But, as a politician who wants to build and maintain relationships with any group that can be helpful in solving problems, he has to say that good works are not exclusively the province of religion, that non-religious people can do the same wonderful things that religious people do. He describes work done by religious people in Africa with children infected by AIDS, and says:
Is it possible for them to have done that without their religious faith? Of course it's possible for them to have done it.
Later he concedes that:
Yes, of course, it is absolutely true, they might decide to do this, irrespective of the fact that they have religious faith.
And again:
So when we say, well, that could be done by humanism, yes, it could.

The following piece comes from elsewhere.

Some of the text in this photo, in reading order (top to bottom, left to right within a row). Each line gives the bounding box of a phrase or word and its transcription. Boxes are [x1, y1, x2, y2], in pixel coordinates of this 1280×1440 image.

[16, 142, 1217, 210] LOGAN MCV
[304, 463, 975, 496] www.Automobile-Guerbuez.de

Well, if there are bad things that could be ascribed, at least in part, to religion – the Arab-Israeli conflict, the Catholic-Protestant conflict in Ireland – and if the good things done by religious people can also be done by humanists, how do you conclude that, net, religion is good for the world?
The second lesson from this debate is more important, and it is this: It is folly to try to defend or promote “religion” as a generic concept. “Religion” is not a faith, it’s a category. Talking about “religion” in general is like talking about “husbands” or “wives” in general: The differences within the category render generalizations meaningless – unless you want to do stand-up, like Henny Youngman or Phyllis Diller.

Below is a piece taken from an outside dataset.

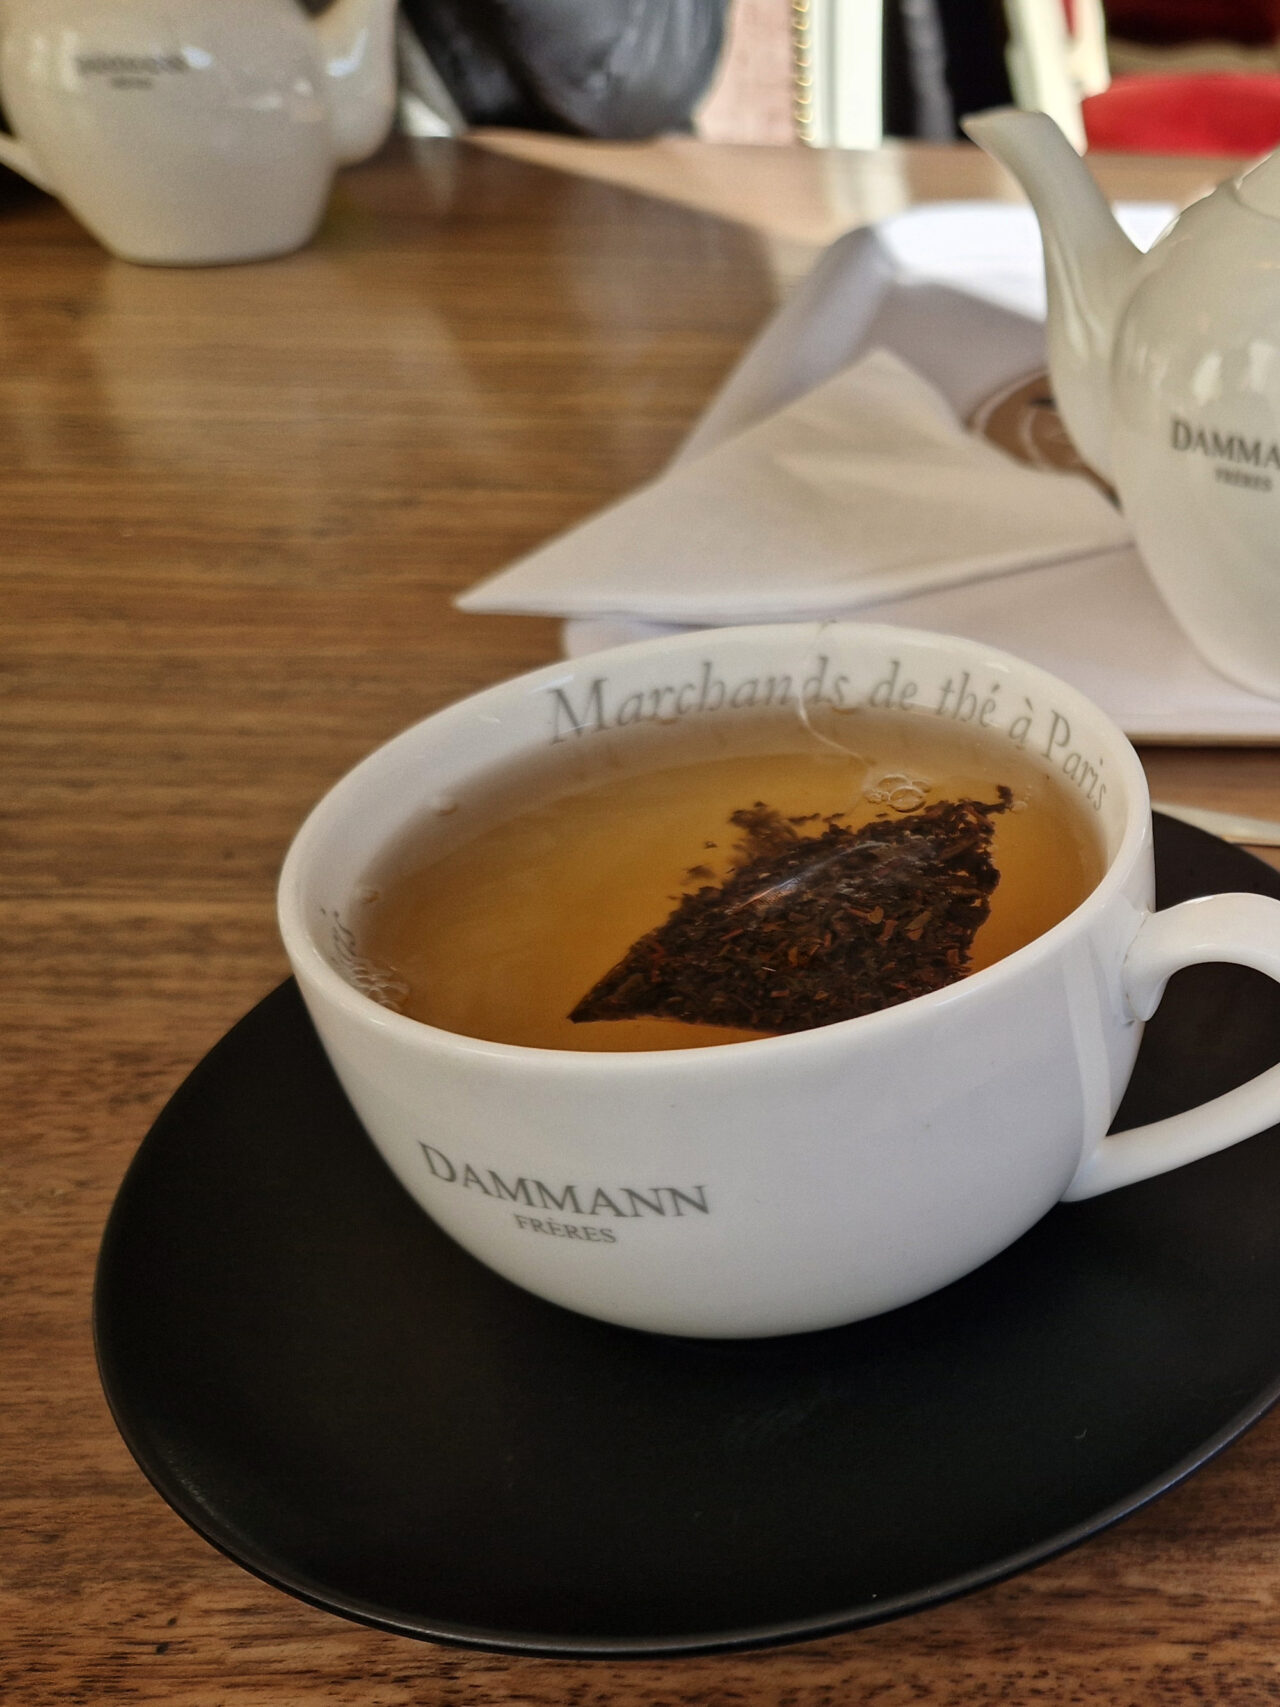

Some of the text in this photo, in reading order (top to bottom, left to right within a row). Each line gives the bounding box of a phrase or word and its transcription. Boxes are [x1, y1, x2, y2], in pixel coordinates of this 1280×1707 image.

[547, 655, 1108, 812] Marchands de thé à Paris
[417, 1140, 710, 1219] DAMMANN
[512, 1213, 617, 1244] FRÈRES

If you try to defend or promote “religion”, you drain all the life out of the particular faiths that people embrace and end up with mush like this:
There is a basic belief common to all faiths, in serving and loving God, through serving and loving your fellow human beings.
It’s not that this Esperanto of “religion” is wrong, it’s just that it’s so weak, compared to, say:
He has told you, O mortal, what is good:
And what does the Lord require of you
But to do justice, and to love kindness,
And to walk humbly with your God?
Or to:
Though I speak with the tongues of men and of angels, and have not charity, I am become as sounding brass or a tinkling cymbal.
And though I have the gift of prophecy, and understand all mysteries, and all knowledge, and though I have all faith, so that I could remove mountains, and have not charity, I am nothing.
And though I bestow all my goods to feed the poor, and though I give my body to be burned, and have not charity, it profiteth me nothing.
Besides, beyond the “basic belief” that Mr. Blair says is “common to all faiths”, there are specific beliefs of specific religions, and, truth be told, some of them are hard enough for members of the religion to defend; so how much harder you make it for yourself if you set about to defend all “religion”. Mr. Blair was challenged not only regarding his own church’s positions on birth control and original sin, but also on the Jewish rite of circumcision and the supposed Old Testament warrant for Israeli expansionism, on the Biblical literalism of some fundamentalist Christians, on faith healing, and so forth. There was little he was able or willing to say in response.
The fact is, if you are a faithful believer in a particular religion, there are all sorts of beliefs of other religions that you think are unreasonable, repellant, ridiculous, or just plain crazy. Why should you set yourself up to be beaten over the head about them by becoming an advocate for “religion”?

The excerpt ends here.